The Tree Agreement Poem Analysis

Read Li-Young Lee`s “From Blossoms,” where the speaker focuses on peaches from a flowering tree. The poet uses this juicy fishery as an intelligent metaphor for what we love: it is difficult to write about trees today without thinking about deforestation, climate change and fossil fuels. Many of the products we use every day are made from trees or cause the felling of trees. A recent supermarket announcement in Britain showed the destruction of forests and orangutan habitats caused by palm oil production. It is estimated that more than half of the products sold in supermarkets contain palm oil and that dozens of orangutans (and other creatures) die every day as a direct result. Can the answer to the first invitation be a prose of writing or does it necessarily have to be a poem? It`s time for your first writing request! Read Don Paterson`s poem “Two Trees “. The poem tells the story of Don Miguel and his orange-lemon. Oddly enough, it ends with the tree symbolizing everything: “There were trees, and the trees don`t cry, blow or scream. / And trees are all there is to do in this poem.

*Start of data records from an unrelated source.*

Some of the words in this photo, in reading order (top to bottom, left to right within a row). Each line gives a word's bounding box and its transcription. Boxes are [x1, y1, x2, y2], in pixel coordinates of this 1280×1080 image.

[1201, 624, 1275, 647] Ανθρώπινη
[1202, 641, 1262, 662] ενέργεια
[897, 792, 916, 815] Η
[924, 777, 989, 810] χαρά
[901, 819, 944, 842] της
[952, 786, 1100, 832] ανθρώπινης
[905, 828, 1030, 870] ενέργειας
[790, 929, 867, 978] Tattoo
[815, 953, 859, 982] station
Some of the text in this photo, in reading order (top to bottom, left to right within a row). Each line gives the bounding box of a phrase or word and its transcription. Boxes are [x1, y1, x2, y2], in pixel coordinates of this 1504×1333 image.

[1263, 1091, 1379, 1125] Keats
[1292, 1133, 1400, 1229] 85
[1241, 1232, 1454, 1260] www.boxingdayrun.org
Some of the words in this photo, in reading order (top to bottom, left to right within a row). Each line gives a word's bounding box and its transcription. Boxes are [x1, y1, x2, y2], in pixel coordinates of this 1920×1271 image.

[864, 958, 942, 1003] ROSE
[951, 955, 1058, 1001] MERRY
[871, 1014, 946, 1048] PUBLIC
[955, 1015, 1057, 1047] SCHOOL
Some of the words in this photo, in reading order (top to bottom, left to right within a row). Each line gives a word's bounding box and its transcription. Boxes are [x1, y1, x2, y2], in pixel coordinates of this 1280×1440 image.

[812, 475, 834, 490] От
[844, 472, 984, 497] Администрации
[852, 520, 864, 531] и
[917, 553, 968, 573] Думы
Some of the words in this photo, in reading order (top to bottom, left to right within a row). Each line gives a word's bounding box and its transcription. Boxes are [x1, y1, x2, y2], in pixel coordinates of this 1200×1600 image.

Paterson suggests that we should not read anything in history… But by telling us what trees don`t do, the reader is forced to think about it. Paterson mixes men and trees: he uses the language of trees to describe Don Miguel (an idea is `rooted` in his head) and the human language for the tree (the branches are called `Limbs`). Even if he says one thing, Paterson suggests otherwise. They can be inspired by the beauty and mysticism of tree words. Read Howard Nemerov`s poem “Learning the Trees,” in which he pays tribute to “The Language of Trees.” The spokesperson`s tenderness is felt in their lists: “Samara, capsule, drupe, legumes and pome”. But although he learned the language of the trees, the speaker ended the poem with the feeling that “their total silence remains the same.” You can use your list of tree words to think about this idea. We all need trees. They are indispensable to humans and wildlife and are deeply rooted in our history and culture. The Woodland Trust defends trees everywhere as the largest charity for Denwald in the UK. It owns and cares for more than 1,000 publicly accessible forests, protects endangered old-world forests and plants millions of native trees each year.

You can support the Woodland Trust by woodlandtrust.org.uk/join a member of just 4 euros per month.